En estos días, ofreceré la misa por los enfermos de esta epidemia de coronavirus, por los médicos, enfermeros, voluntarios que ayudan mucho, familiares, personas mayores en casas de retiro, prisioneros que están encerrados. Oremos juntos esta semana, esta fuerte oración al Señor: "Sálvame, Señor, y dame misericordia. Mi pie se mantiene en el camino recto. En la asamblea bendeciré al Señor" [de los Salmos].
La primera Lectura, Libro del Profeta Daniel (Dn 9, 4-10), es una confesión de los pecados. El pueblo reconoce que ha pecado. Reconoce que el Señor ha sido fiel con nosotros, pero nosotros «hemos pecado, hemos faltado, hemos hecho el mal, nos hemos rebelado y nos hemos apartado de tus mandamientos y tus preceptos. No hemos escuchado a tus servidores los profetas, que hablaron en tu Nombre a nuestros reyes, a nuestros jefes, a nuestros padres y a todo el pueblo del país» (vv. 5-6). Hay una confesión de los pecados, un reconocimiento de que hemos pecado.
Y cuando nos preparamos a recibir el sacramento de la Reconciliación, debemos hacer lo que se llama "examen de conciencia" y ver lo que he hecho ante Dios: he pecado. Reconocer el pecado. Pero reconocer el pecado no puede ser solo una lista de los pecados intelectuales, decir "he pecado", luego se lo digo al padre y el padre me perdona. No es necesario, no es justo hacer esto. Esto sería como hacer una lista de lo que tengo que hacer o tengo que tener o que he hecho mal, pero se queda en la cabeza. Una verdadera confesión de los pecados debe permanecer en el corazón. Confesarse no es sólo decirle al sacerdote esta lista, "he hecho esto, esto, esto, esto…", y luego me voy, estoy perdonado. No, no es eso. Se requiere un paso, un paso más, que es la confesión de nuestras miserias, pero desde el corazón; es decir, que esa lista de cosas malas que he hecho, llegue hasta el corazón.
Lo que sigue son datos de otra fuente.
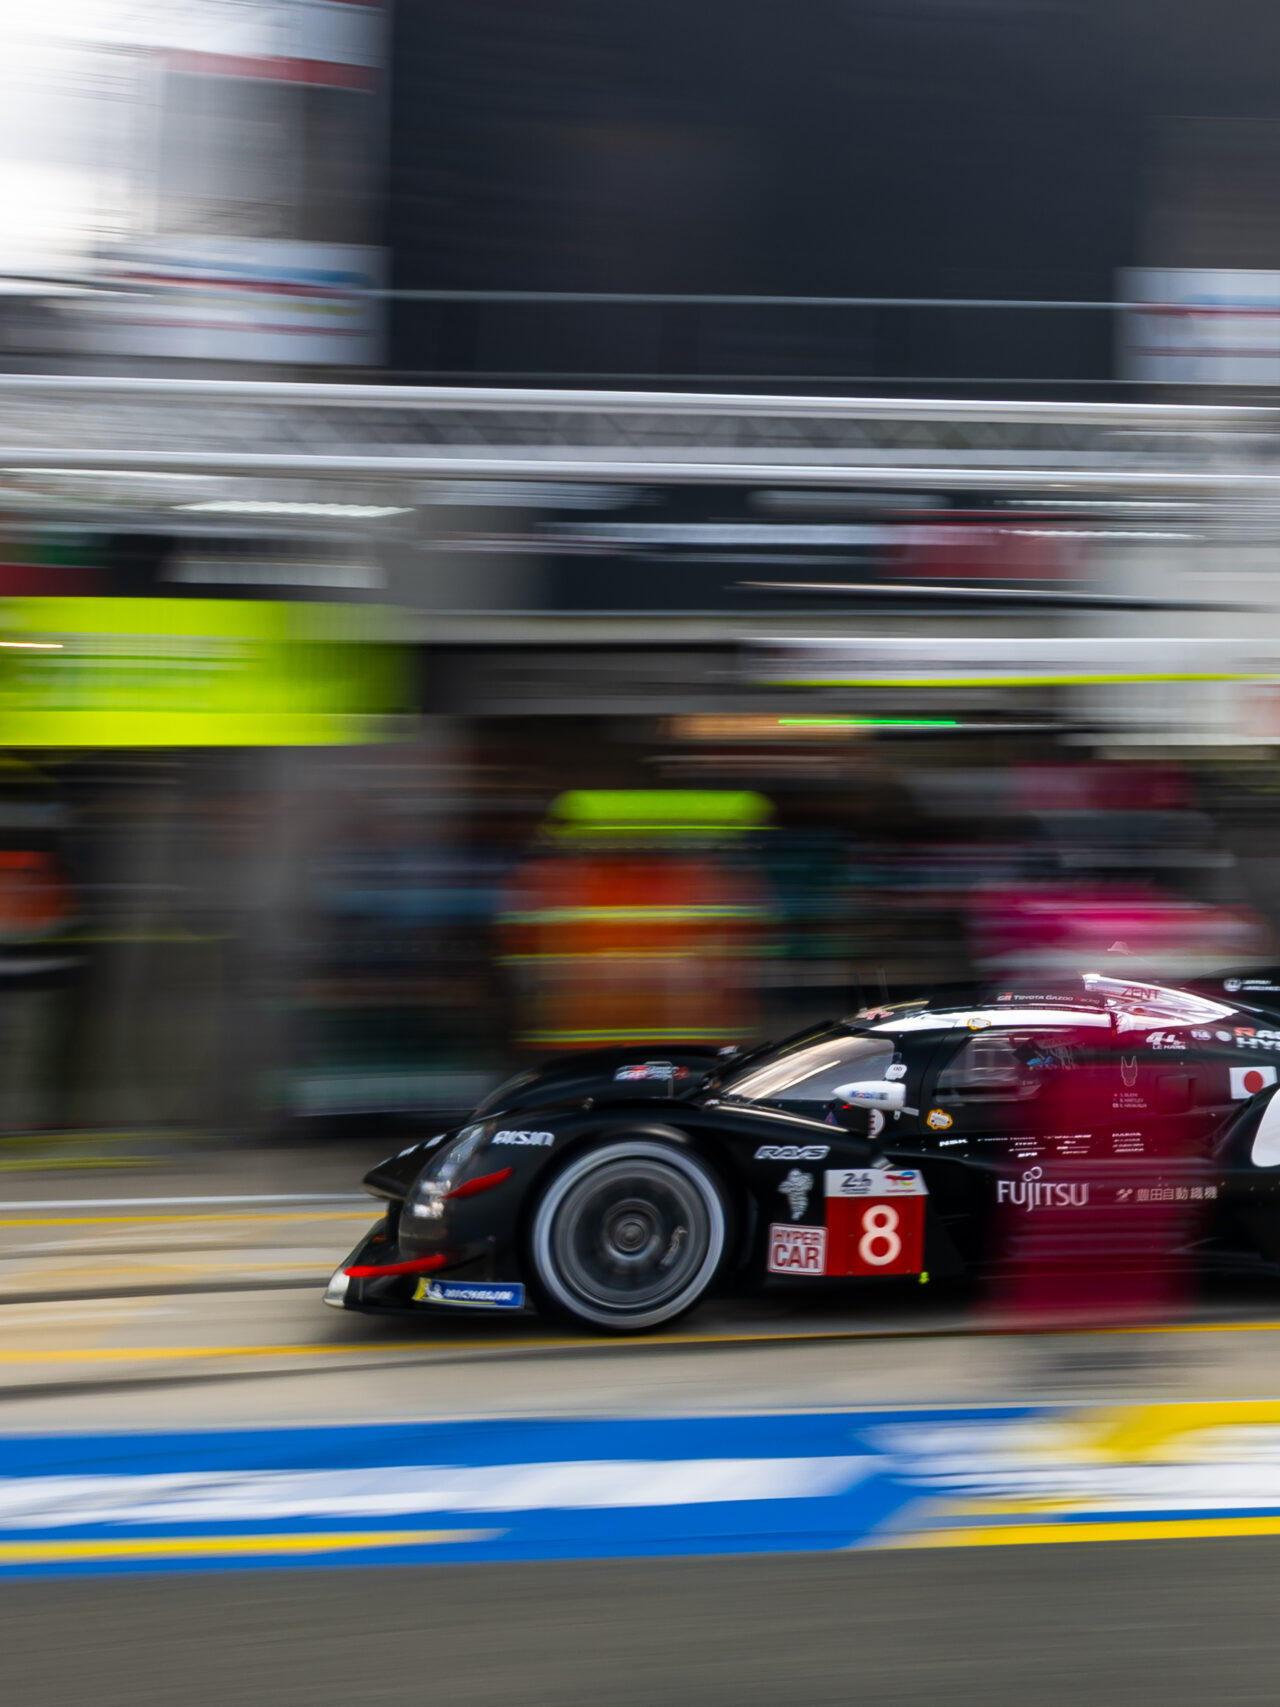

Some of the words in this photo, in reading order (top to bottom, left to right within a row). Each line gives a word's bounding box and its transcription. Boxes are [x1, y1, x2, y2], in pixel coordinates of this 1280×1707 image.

Y es lo que hace Daniel, el Profeta. "¡A ti, Señor, la justicia! A nosotros, la vergüenza" (cf. v. 7). Cuando reconozco que he pecado, que no he rezado bien, y esto lo siento en el corazón, nos acomete este sentimiento de vergüenza: "Me avergüenzo de haber hecho esto. Te pido perdón con vergüenza". Y la vergüenza por nuestros pecados es una gracia, debemos pedirla: "Señor, que yo me avergüence". Una persona que ha perdido la vergüenza pierde la autoridad moral, pierde el respeto de los demás. Es una persona desvergonzada. Lo mismo sucede con Dios: "A nosotros, la vergüenza, a ti la justicia. A nosotros la vergüenza. La vergüenza en la cara, como hoy. «Señor –continúa [Daniel]–, la vergüenza reflejada en el rostro, y también a nuestros reyes, a nuestros jefes y a nuestros padres, porque hemos pecado contra ti!» (v. 8). «Al Señor, nuestro Dios –antes había dicho "la justicia", ahora dice– la misericordia» (v. 9). Cuando tenemos no sólo el recuerdo, la memoria de los pecados que hemos cometido, sino también el sentimiento de vergüenza, esto toca el corazón de Dios y responde con misericordia. La manera de encontrar la misericordia de Dios es avergonzarse de las cosas feas, de las cosas malas que hemos hecho. Así que cuando me confiese diré no sólo la lista de pecados, sino los sentimientos de confusión, de vergüenza por haberle hecho esto a un Dios tan bueno, tan misericordioso, tan justo-
Pidamos hoy la gracia de la vergüenza: avergonzarnos de nuestros pecados. Que el Señor nos conceda a todos esta gracia.